Links to specific topics

Thursday, August 28, 2014

Minimum sample size in PLS-SEM, regression, and path analyses

Based on Monte Carlo simulations, the minimum sample size in PLS-SEM can be reliably and conservatively estimated based on the inequality below:

N > ( 2.48 / Abs(bm) ) ^ 2

Extensive tests suggest that this also applies to multiple regression, and path analyses. In the latter, only single-indicator variables are included in the model, even though it looks a lot like an SEM model.

The inequality above is discussed in the article titled: "Minimum sample size estimation in PLS‐SEM: The inverse square root and gamma‐exponential methods" (). It refers to the inverse square root method. The gamma‐exponential method, also discussed in the article, is a refinement of the inverse square root method that relies on equations that are much more complex.

In the inequality above, N is the required sample size, and Abs(bm) is the absolute value of the path coefficient with the minimum expected magnitude in the model. This inequality assumes that:

- One-tailed P values are used for hypothesis testing. A previous post discusses this issue in more detail ().

- The threshold for P values is .05. That is, P values should be equal to or lower than .05.

- Effect sizes (ESs), as calculated by WarpPLS, are also used for hypothesis testing ().

- The threshold for ESs is .02. That is, ESs should be equal to or greater than .02.

- Acceptable statistical power is equal to or greater than .8.

- The latent variables in the model are not collinear, when both lateral and vertical collinearity are considered. That is, the full collinearity VIFs calculated by WarpPLS for all latent variables are equal to or lower than 3.3 ().

This inequality highlights the fact that path coefficient strength is a much stronger determinant of statistical power in Monte Carlo simulations than the configuration of the structural model.

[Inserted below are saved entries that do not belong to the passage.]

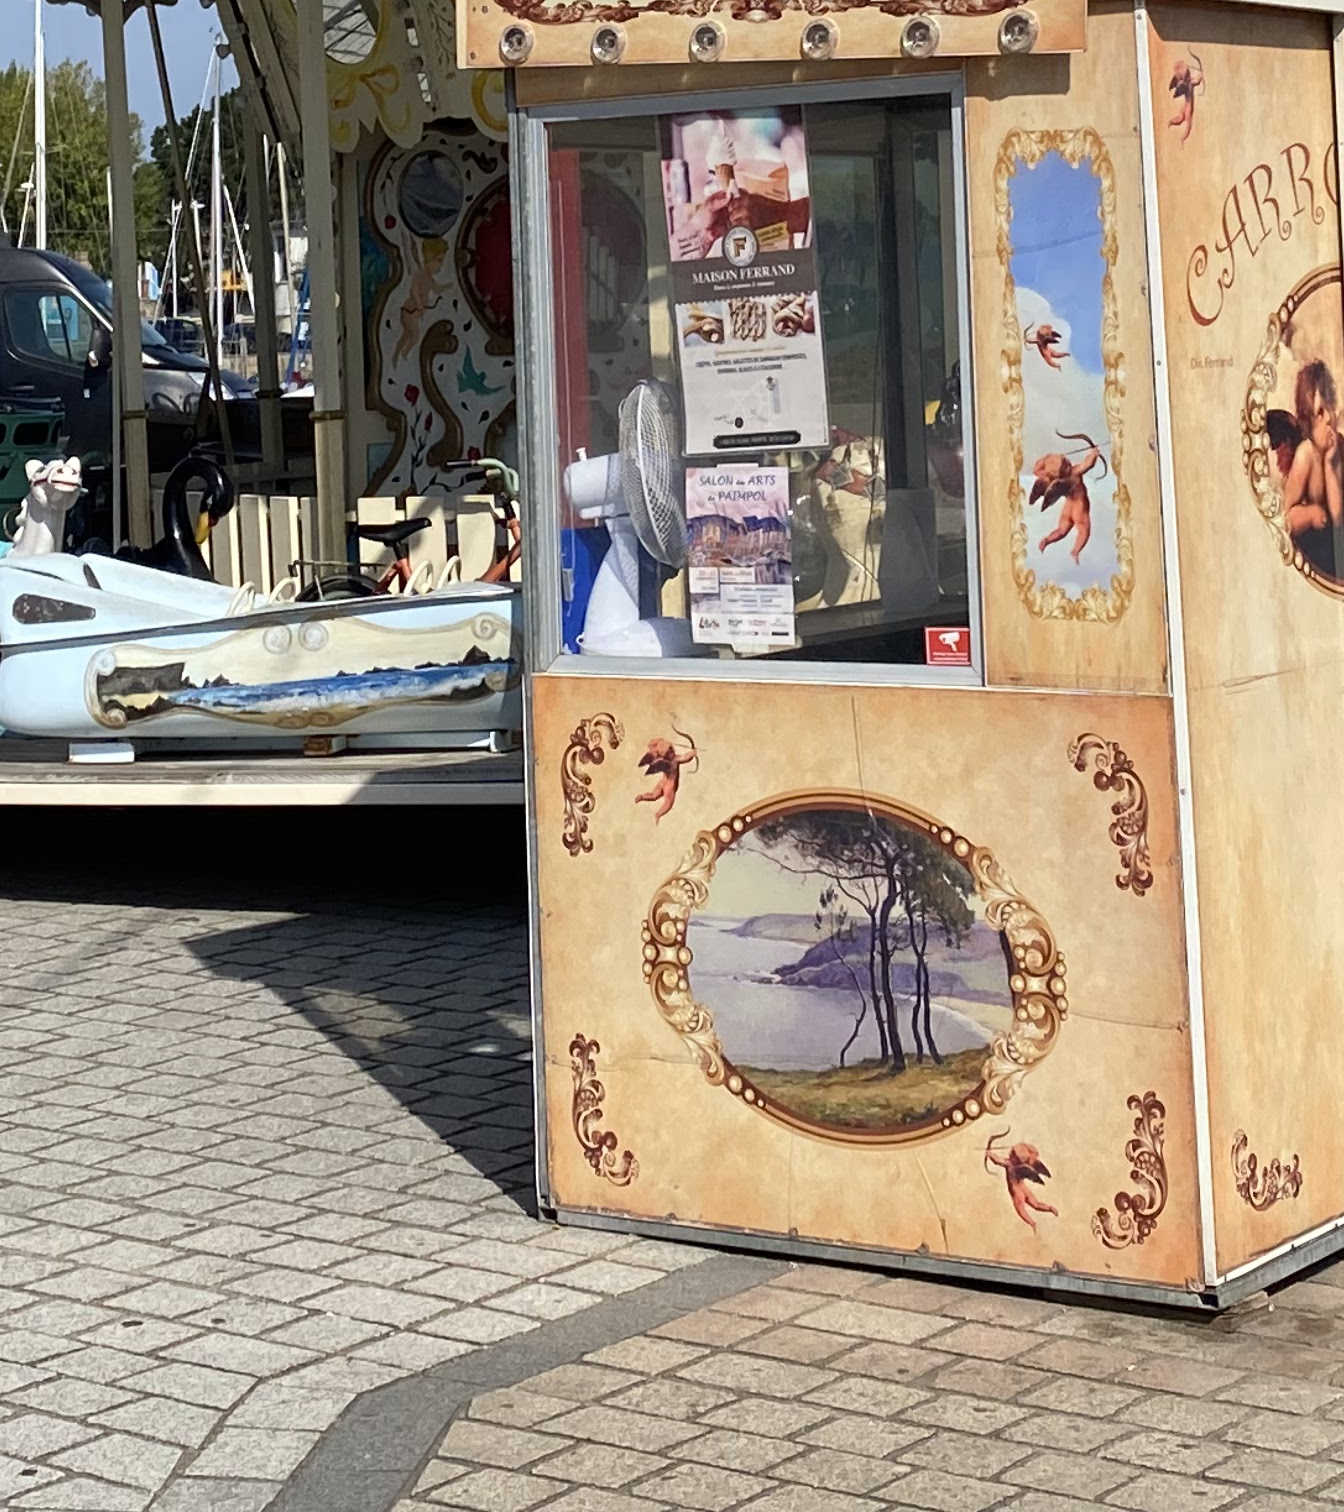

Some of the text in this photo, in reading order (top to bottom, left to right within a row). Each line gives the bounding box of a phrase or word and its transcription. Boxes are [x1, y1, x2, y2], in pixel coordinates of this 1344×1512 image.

[733, 235, 747, 258] F
[692, 263, 796, 284] MAISON FERRAND
[699, 475, 734, 486] SALON
[748, 474, 777, 486] ARTS
[718, 490, 768, 502] PAIMPOL

The inequality is proposed as an alternative to the widely used (and discredited) "10 times rule". It yields minimum sample sizes that are consistent with Cohen's power tables for multiple regression.

For example, let us say one has a model where the path coefficient with the minimum expected magnitude is .3. Then the required sample size is:

N > ( 2.48 / .3 ) ^ 2 = 68.34

The minimum required sample size is thus:

Nm = 69

The above assumes a pre-analysis minimum sample size estimation, where the path coefficient with the minimum expected magnitude is set prior to the analysis.

A post-analysis minimum sample size estimation, on the other hand, would be based on the results of a full PLS-SEM analysis. Generally pre-analysis estimation is recommended over post-analysis estimation.

The latter, post-analysis estimation, can only confirm that an appropriate sample size was used.


AM YAKASAI said...

how do i determine Abs(bm)?

Ned Kock said...

Hi Am. Abs(bm) is the absolute value of the path coefficient with the minimum expected magnitude in the model.

Murad Moqbel said...

Thanks Ned!

gayathri said...

Thanks for this Ned. Can you provide some references to cite for this method of calculating the sample size.

Ned Kock said...

Hi gayathri. To reference, see note under copyright on the left part of this blog.

George M. said...

Thanks for this post and this blog. I found it really useful. I have one question concerning sample size. The absolute value of the path coefficient with the minimum expected magnitude ¿is the lowest significant beta coefficient we obtain in the causal model?
Thus, if the lowest beta coefficient (significant at .05) is .10, the minimum size should be around 615 cases?

darwin said...

Sir Ned,
Sir I just want to ask the minimum sample size for CB-SEM.

Ned Kock said...

Hi darwin. This is a PLS-SEM blog, focused on WarpPLS. I suggest you pose the question in a CB-SEM forum.

Anonymous said...

Hi,my study have 800 sample, could I use Wrappls?

Ned Kock said...

Generally speaking, an N=800 can be considered fairly large. With a sample size this large you may have a problem with false positives. Very small effects, associated with zero effects at the population level, turn out to be statistically significant. Therefore, with a large sample like this (N=800) you should also use effect sizes while testing hypotheses.

I hope that the materials linked below can be of use in connection with this.

Kock, N. (2014). Advanced mediating effects tests, multi-group analyses, and measurement model assessments in PLS-based SEM. International Journal of e-Collaboration, 10(3), 1-13.

(For the full text link to the above publication, see under “Publications” at:

User Manual (link to specific page):

The links above, as well as other links that may be relevant in this context, are available from:

Anonymous said...

Thank you for your prompt reply. Really help me a lot.